Mnemonic: Secondary Causes of Hyperlipidemia
“4 D’s”
- Diet (Saturated fat, Alcohol)
- Drugs (Thiazides, Steroids, Retinoids, Antipsychotics)
- Disorders of metabolism (Hypothyroidism, Nephrotic syndrome)
- Diseases (Diabetes, Renal failure, Liver disease)
Sample Question
Clinical Scenario
A 52-year-old man presents to your family practice clinic for a periodic health assessment. He has no specific complaints. His past medical history is significant for hypertension, for which he takes perindopril. He has smoked 1 pack of cigarettes daily for 30 years. He does not have diabetes.
Physical Examination:
BP: 148/92 mmHg
BMI: 29 kg/m2
Heart and Lungs: Unremarkable.
No xanthomas or xanthelasmas observed.
Laboratory Results:
Total Cholesterol: 6.2 mmol/L
HDL Cholesterol: 0.9 mmol/L
LDL Cholesterol: 4.1 mmol/L
Triglycerides: 2.1 mmol/L
Glucose (fasting): 5.4 mmol/L
Creatinine: 88 µmol/L
Based on the Canadian Cardiovascular Society guidelines, which one of the following is the most appropriate initial management step?
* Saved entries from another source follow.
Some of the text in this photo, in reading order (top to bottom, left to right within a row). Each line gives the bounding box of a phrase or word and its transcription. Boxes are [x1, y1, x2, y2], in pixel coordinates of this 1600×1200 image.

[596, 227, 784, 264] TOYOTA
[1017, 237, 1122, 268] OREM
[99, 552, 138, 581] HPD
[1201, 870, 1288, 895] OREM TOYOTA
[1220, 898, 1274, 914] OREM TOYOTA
- A. Reassure the patient and repeat lipid profile in 1 year
- B. Initiate lifestyle modifications alone and reassess in 6 months
- C. Initiate Rosuvastatin 20 mg daily immediately
- D. Order a Coronary Artery Calcium (CAC) score to determine risk
- E. Initiate Fenofibrate 145 mg daily
Explanation
The correct answer is:
- C. Initiate Rosuvastatin 20 mg daily immediately
Detailed Analysis:
- Risk Calculation: This patient requires a cardiovascular risk assessment using the Framingham Risk Score (FRS).
- Factors: Male, 52 years old, Smoker, Treated Hypertension (BP 148/92), Low HDL (0.9), High Total Cholesterol (6.2).
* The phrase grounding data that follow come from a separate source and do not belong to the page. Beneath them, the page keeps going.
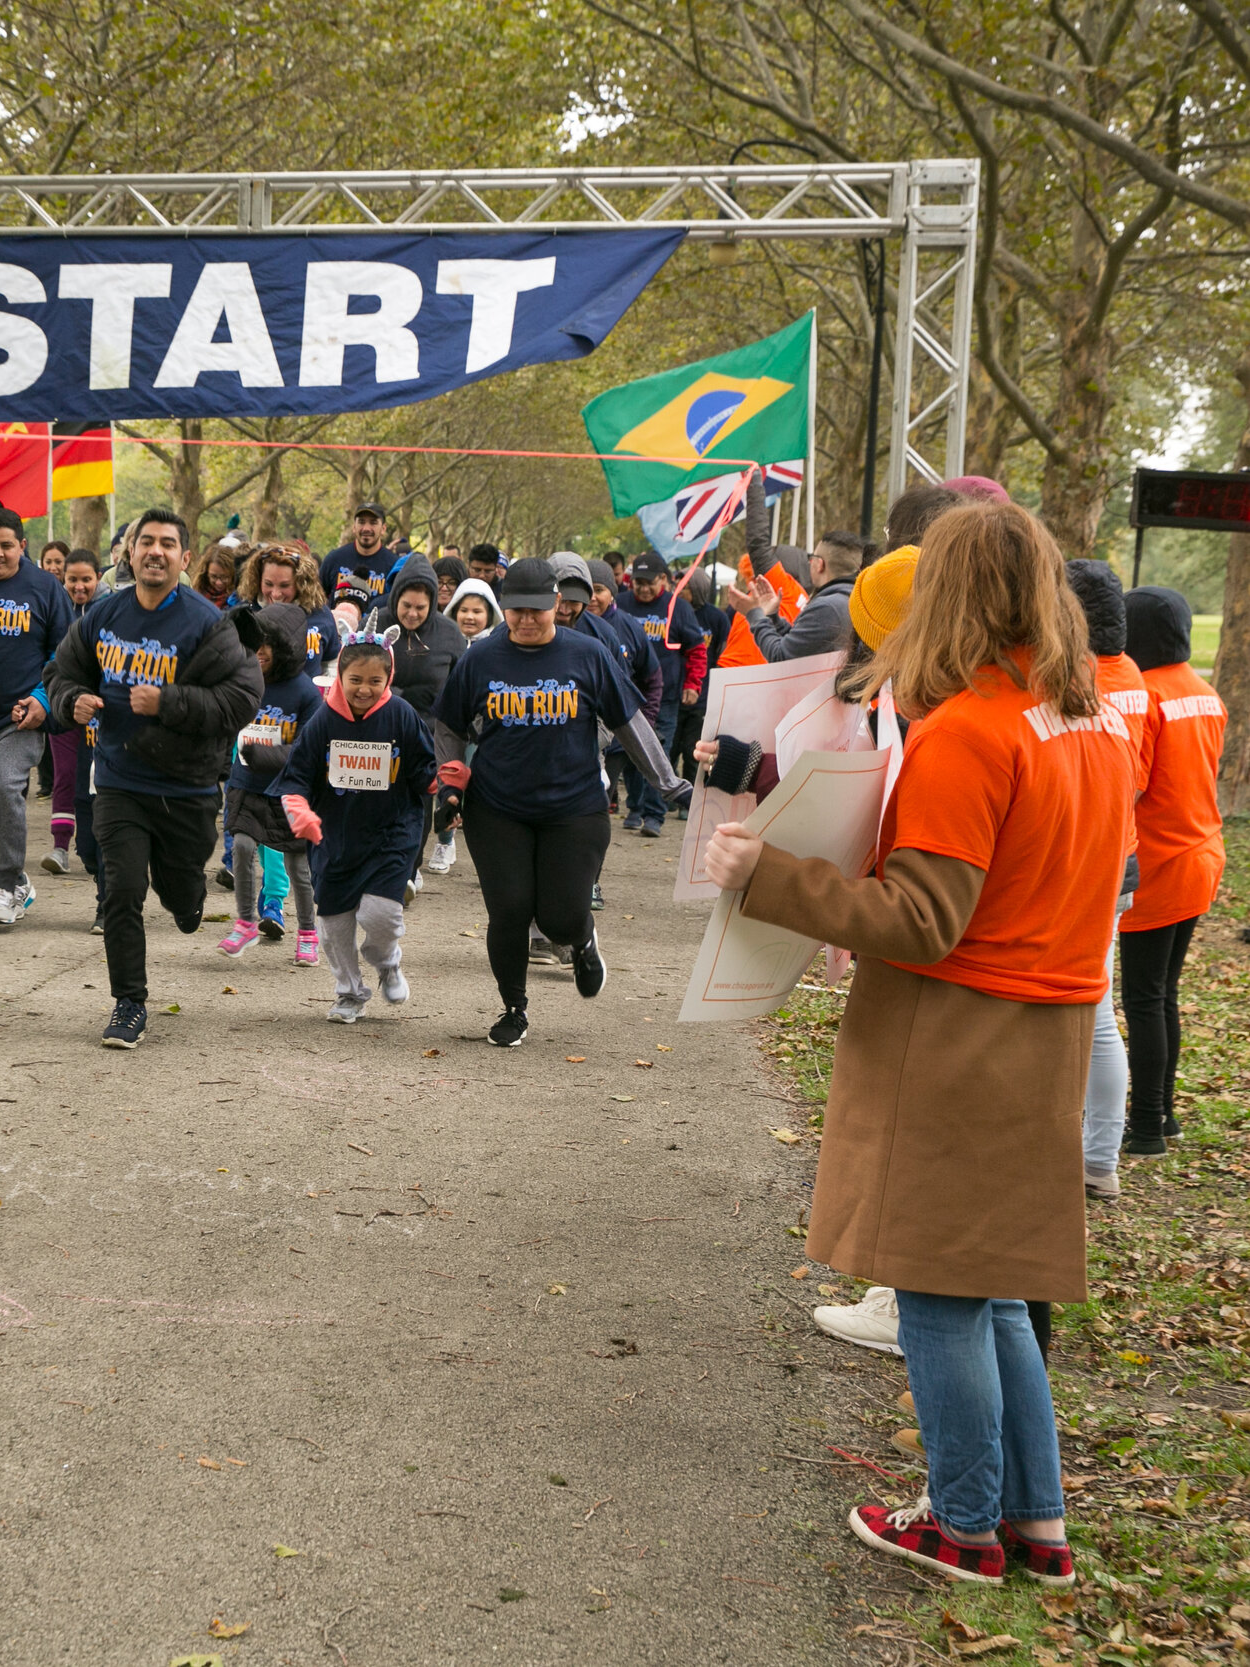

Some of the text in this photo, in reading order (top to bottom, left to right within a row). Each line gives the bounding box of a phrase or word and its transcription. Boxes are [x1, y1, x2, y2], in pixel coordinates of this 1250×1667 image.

[129, 648, 179, 685] RUN
[486, 689, 579, 720] FUN RUN
[1158, 695, 1224, 722] VOLUNTEER
[532, 712, 568, 726] 2019
[334, 741, 370, 750] CHICAGO
[338, 754, 382, 771] TWAIN
[348, 776, 382, 787] Fun Run
- Calculation: While you don’t need to calculate the exact percentage mentally, the combination of age, male sex, smoking, HTN, and dyslipidemia places him firmly in the High Risk category (FRS 20%).
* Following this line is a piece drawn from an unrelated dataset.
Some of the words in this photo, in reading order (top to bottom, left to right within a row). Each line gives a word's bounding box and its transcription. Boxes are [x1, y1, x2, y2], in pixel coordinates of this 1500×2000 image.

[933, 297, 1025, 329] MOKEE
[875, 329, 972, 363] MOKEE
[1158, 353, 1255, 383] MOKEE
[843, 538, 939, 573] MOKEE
- CCS Guidelines: For patients at High Risk (FRS 20%), the recommendation is to initiate statin therapy immediately alongside health behaviour interventions. Lifestyle modification alone (Option B) is insufficient for high-risk patients as the initial strategy.
- Drug Choice: Rosuvastatin is a high-intensity statin appropriate for high-risk patients.
- Distractors:
- Option A: Incorrect. Ignoring these risk factors would be negligence.
- Option B: Incorrect. Lifestyle alone is for Low Risk or potentially Intermediate Risk patients. High-risk patients need pharmacotherapy.
- Option D: CAC scoring is useful for Intermediate Risk patients where the decision to treat is unclear. This patient is clearly High Risk based on traditional risk factors.
- Option E: Fibrates are indicated for severe hypertriglyceridemia (TG > 10 mmol/L) to prevent pancreatitis or as add-on for mixed dyslipidemia if targets aren’t met. His TG is only 2.1.
References
- Pearson, G. J., et al. (2021). 2021 Canadian Cardiovascular Society Guidelines for the Management of Dyslipidemia for the Prevention of Cardiovascular Disease in the Adult. Canadian Journal of Cardiology. Available at ccs.ca
- Medical Council of Canada. (2023). MCCQE Part I Clinical Decision-Making and Multiple-Choice Questions Objectives.
- Anderson, T. J., et al. (2016). 2016 Canadian Cardiovascular Society Guidelines for the Management of Dyslipidemia for the Prevention of Cardiovascular Disease in the Adult.
- RxFiles. (2023). Lipid Lowering Agents Comparison Chart. 13th Edition.
- Toronto Notes 2024. Cardiology Chapter: Dyslipidemia.